In September 2020, the idea of resetting the 2022 elections became an issue after Pampanga Rep. Juan Miguel “Mikey” Arroyo asked the Comelec to “consider” proposing a postponement, noting that businessmen and old people in his district have expressed fears of going to the polling precincts to cast their vote because they might get infected.

“No matter how prepared we are, it will cause a serious dent on our health situation,” said Arroyo, the son of former president Gloria Macapagal-Arroyo.

He had wanted the Comelec to initiate the proposal, “and not from members of Congress… because if it comes from us, then people might think we have motives to extend our term.”

When Arroyo raised the issue during House committee deliberations on the proposed 2022 budget of the Comelec, Chairman Sheriff Abas argued that the conduct of the elections is a constitutional mandate but postponing the balloting is at the discretion of the president and Congress.

Article VII, Section 4 of the Constitution provides: “Unless otherwise provided by law, the regular election for president and vice president shall be held on the second Monday of May.”

The phrase “unless provided by law” means Congress may pass a law setting another date for the election of the president and vice president. However, postponing the May 9, 2022 elections at this time will be problematic considering other provisions in the Constitution that will be affected, such as those pertaining to term limits, succession, and the election for other national and local positions.

It is unclear how long the postponement can be. The Constitution also does not provide for a holdover president. A pandemic is not among the circumstances mentioned for succession.

While the Comelec can reset the date for local elections under Section 5 of the Omnibus Election Code by a vote of four of the en banc’s seven members, the grounds for postponement are specified: violence, terrorism, loss or destruction of election paraphernalia or records, force majeure and other analogous causes.

The COVID-19 pandemic has been with us for a year and a half now; the Comelec is expected to have prepared for it with the pandemic situation in mind.

Based on the long lines of voter registrants – mostly those belonging to the Generation Y or the so-called millennials, or those born from 1981 to 1996, and the Gen Z, called zoomers or those born in the mid-1990s onward – in the Comelec offices and satellite registration sites in shopping malls, there is heightened interest in participating in next year’s elections.

The heavy turnout of registrants indicates dissatisfaction with how the national and local government leaders have been addressing the COVID-related issues and problems, giving some politicians an excuse to disrupt preparations for the 2022 polls so they can stay in power longer.

Those aspiring to run in next year’s elections will be filing their certificates of candidacy from Oct. 1 to 8. While they are not yet considered as candidates until the campaign period, we should start watching out for what they say and do, and review their track record so that when election day comes, we can say that we have wisely exercised our voting obligation.

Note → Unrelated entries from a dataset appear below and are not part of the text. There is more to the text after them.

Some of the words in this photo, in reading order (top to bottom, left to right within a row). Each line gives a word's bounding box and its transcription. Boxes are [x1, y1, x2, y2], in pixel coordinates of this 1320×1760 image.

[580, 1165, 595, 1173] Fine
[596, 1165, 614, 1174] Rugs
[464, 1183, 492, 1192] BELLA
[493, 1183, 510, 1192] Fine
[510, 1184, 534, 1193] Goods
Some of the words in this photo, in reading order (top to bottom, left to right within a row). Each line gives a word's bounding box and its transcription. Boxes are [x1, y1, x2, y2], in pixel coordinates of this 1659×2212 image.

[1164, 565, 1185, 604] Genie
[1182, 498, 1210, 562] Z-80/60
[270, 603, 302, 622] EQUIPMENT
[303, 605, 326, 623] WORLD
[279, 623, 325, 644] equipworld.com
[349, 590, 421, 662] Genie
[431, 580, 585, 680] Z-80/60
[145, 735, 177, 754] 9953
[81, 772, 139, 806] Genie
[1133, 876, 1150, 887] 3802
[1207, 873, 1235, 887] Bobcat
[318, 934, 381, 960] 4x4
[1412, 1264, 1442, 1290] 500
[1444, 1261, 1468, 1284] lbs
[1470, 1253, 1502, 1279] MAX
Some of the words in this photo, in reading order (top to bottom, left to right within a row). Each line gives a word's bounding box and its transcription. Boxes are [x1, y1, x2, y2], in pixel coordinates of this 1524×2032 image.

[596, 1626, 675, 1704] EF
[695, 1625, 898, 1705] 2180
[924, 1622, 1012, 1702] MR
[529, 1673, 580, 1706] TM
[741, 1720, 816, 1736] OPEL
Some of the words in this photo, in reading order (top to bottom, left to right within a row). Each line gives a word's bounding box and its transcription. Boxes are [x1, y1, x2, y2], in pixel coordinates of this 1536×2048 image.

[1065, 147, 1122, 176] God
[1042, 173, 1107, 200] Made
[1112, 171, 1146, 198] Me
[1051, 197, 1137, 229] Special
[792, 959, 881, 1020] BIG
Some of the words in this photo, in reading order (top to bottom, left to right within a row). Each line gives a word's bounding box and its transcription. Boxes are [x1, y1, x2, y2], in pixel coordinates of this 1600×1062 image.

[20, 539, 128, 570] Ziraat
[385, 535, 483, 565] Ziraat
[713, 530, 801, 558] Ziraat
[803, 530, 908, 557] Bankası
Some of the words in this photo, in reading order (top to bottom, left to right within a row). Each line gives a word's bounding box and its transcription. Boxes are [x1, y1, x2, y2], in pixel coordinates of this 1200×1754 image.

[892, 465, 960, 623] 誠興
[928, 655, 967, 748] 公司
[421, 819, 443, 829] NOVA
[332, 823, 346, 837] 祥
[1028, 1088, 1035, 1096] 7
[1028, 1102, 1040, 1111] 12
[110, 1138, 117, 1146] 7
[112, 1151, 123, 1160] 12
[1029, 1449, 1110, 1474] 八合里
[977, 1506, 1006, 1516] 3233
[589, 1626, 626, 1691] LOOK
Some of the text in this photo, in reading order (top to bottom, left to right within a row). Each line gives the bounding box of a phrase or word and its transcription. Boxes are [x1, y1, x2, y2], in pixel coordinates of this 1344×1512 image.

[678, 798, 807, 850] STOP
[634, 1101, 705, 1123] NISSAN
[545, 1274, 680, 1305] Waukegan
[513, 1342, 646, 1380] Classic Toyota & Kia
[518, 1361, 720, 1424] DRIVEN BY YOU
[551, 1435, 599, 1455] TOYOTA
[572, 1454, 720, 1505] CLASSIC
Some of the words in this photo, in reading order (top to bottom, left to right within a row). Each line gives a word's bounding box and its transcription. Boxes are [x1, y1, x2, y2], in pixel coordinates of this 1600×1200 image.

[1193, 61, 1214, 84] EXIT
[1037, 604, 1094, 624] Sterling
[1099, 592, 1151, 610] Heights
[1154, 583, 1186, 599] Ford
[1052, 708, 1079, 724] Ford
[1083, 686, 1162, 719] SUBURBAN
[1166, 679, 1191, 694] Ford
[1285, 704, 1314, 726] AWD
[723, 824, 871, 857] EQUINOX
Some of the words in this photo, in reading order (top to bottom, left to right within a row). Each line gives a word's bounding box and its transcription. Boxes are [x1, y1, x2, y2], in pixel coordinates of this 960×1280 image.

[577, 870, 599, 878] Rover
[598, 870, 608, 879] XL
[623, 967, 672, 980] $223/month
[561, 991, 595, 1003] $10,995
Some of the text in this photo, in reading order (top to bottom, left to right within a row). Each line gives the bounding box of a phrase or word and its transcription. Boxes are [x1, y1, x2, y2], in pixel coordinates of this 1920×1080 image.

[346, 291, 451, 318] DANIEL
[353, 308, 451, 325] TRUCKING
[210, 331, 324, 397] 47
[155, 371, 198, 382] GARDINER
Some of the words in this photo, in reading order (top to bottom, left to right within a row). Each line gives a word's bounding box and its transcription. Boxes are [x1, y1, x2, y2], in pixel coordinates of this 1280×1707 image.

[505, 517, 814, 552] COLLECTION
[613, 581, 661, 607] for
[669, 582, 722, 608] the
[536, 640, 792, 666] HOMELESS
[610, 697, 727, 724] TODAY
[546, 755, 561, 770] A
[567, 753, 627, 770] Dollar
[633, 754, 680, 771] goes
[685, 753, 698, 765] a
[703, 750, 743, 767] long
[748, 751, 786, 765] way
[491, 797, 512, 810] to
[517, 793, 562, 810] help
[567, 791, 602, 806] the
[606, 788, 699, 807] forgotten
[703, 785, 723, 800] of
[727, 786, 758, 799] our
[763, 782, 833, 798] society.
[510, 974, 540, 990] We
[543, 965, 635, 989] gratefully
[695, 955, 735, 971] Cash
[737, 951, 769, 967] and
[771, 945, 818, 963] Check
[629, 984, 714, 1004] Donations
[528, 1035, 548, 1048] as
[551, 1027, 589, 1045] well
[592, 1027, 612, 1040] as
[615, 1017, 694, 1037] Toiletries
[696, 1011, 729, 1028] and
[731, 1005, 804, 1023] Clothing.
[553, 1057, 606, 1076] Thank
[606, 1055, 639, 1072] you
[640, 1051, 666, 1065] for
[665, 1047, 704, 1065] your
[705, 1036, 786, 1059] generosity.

Whoever floats the idea of postponing the election or disrupting the preparations from hereon should be rejected. Pandemic or not, Filipino voters should be allowed to cast their vote unhampered.

For months now, the Comelec has been considering a number of options, such as voting by schedule, to avoid super-spreader events on election day. These options must already be in place in the registration sites where people begin to assemble as early as 3 a.m.

The views in this column are those of the author and do not necessarily reflect the views of VERA Files.

This column also appeared in The Manila Times.